Segment Start: Data listing

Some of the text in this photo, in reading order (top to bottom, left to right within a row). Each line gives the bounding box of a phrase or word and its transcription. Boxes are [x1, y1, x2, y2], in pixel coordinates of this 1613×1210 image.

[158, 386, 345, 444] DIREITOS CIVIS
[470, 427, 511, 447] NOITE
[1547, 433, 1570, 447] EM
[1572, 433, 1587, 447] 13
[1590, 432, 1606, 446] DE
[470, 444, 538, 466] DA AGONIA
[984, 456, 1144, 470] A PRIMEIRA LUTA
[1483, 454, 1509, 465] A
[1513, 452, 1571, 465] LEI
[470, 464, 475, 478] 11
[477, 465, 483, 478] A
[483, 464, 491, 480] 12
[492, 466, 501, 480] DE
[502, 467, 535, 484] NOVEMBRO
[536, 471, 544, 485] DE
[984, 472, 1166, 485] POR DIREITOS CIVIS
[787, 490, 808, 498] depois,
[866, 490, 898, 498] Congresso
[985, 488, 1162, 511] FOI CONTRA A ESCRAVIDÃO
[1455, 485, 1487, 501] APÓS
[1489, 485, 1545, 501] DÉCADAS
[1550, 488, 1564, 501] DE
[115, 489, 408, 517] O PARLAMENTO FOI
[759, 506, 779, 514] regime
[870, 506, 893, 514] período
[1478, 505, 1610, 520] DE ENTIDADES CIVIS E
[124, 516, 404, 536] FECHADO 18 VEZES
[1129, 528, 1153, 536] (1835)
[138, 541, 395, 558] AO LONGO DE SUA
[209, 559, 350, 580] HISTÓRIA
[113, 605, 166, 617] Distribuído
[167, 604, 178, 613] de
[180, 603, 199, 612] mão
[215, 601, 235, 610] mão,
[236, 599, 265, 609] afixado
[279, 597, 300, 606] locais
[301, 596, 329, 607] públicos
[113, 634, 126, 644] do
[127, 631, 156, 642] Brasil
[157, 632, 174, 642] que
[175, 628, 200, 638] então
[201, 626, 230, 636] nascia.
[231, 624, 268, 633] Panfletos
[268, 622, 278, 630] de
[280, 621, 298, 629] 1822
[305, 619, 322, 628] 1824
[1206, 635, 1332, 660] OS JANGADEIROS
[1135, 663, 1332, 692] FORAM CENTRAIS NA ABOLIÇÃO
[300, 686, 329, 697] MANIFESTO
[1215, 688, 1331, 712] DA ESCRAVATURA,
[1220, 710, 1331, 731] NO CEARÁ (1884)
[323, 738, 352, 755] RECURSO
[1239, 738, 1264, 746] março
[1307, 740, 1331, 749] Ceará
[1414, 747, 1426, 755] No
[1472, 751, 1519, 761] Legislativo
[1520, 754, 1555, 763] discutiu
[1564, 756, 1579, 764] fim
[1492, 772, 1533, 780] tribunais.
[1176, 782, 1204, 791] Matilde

Segment End: Data listing

### Goal of the exercise:
Every entry should be output again exactly as written.

### Written answer:
Some of the text in this photo, in reading order (top to bottom, left to right within a row). Each line gives the bounding box of a phrase or word and its transcription. Boxes are [x1, y1, x2, y2], in pixel coordinates of this 1613×1210 image.

[158, 386, 345, 444] DIREITOS CIVIS
[470, 427, 511, 447] NOITE
[1547, 433, 1570, 447] EM
[1572, 433, 1587, 447] 13
[1590, 432, 1606, 446] DE
[470, 444, 538, 466] DA AGONIA
[984, 456, 1144, 470] A PRIMEIRA LUTA
[1483, 454, 1509, 465] A
[1513, 452, 1571, 465] LEI
[470, 464, 475, 478] 11
[477, 465, 483, 478] A
[483, 464, 491, 480] 12
[492, 466, 501, 480] DE
[502, 467, 535, 484] NOVEMBRO
[536, 471, 544, 485] DE
[984, 472, 1166, 485] POR DIREITOS CIVIS
[787, 490, 808, 498] depois,
[866, 490, 898, 498] Congresso
[985, 488, 1162, 511] FOI CONTRA A ESCRAVIDÃO
[1455, 485, 1487, 501] APÓS
[1489, 485, 1545, 501] DÉCADAS
[1550, 488, 1564, 501] DE
[115, 489, 408, 517] O PARLAMENTO FOI
[759, 506, 779, 514] regime
[870, 506, 893, 514] período
[1478, 505, 1610, 520] DE ENTIDADES CIVIS E
[124, 516, 404, 536] FECHADO 18 VEZES
[1129, 528, 1153, 536] (1835)
[138, 541, 395, 558] AO LONGO DE SUA
[209, 559, 350, 580] HISTÓRIA
[113, 605, 166, 617] Distribuído
[167, 604, 178, 613] de
[180, 603, 199, 612] mão
[215, 601, 235, 610] mão,
[236, 599, 265, 609] afixado
[279, 597, 300, 606] locais
[301, 596, 329, 607] públicos
[113, 634, 126, 644] do
[127, 631, 156, 642] Brasil
[157, 632, 174, 642] que
[175, 628, 200, 638] então
[201, 626, 230, 636] nascia.
[231, 624, 268, 633] Panfletos
[268, 622, 278, 630] de
[280, 621, 298, 629] 1822
[305, 619, 322, 628] 1824
[1206, 635, 1332, 660] OS JANGADEIROS
[1135, 663, 1332, 692] FORAM CENTRAIS NA ABOLIÇÃO
[300, 686, 329, 697] MANIFESTO
[1215, 688, 1331, 712] DA ESCRAVATURA,
[1220, 710, 1331, 731] NO CEARÁ (1884)
[323, 738, 352, 755] RECURSO
[1239, 738, 1264, 746] março
[1307, 740, 1331, 749] Ceará
[1414, 747, 1426, 755] No
[1472, 751, 1519, 761] Legislativo
[1520, 754, 1555, 763] discutiu
[1564, 756, 1579, 764] fim
[1492, 772, 1533, 780] tribunais.
[1176, 782, 1204, 791] Matilde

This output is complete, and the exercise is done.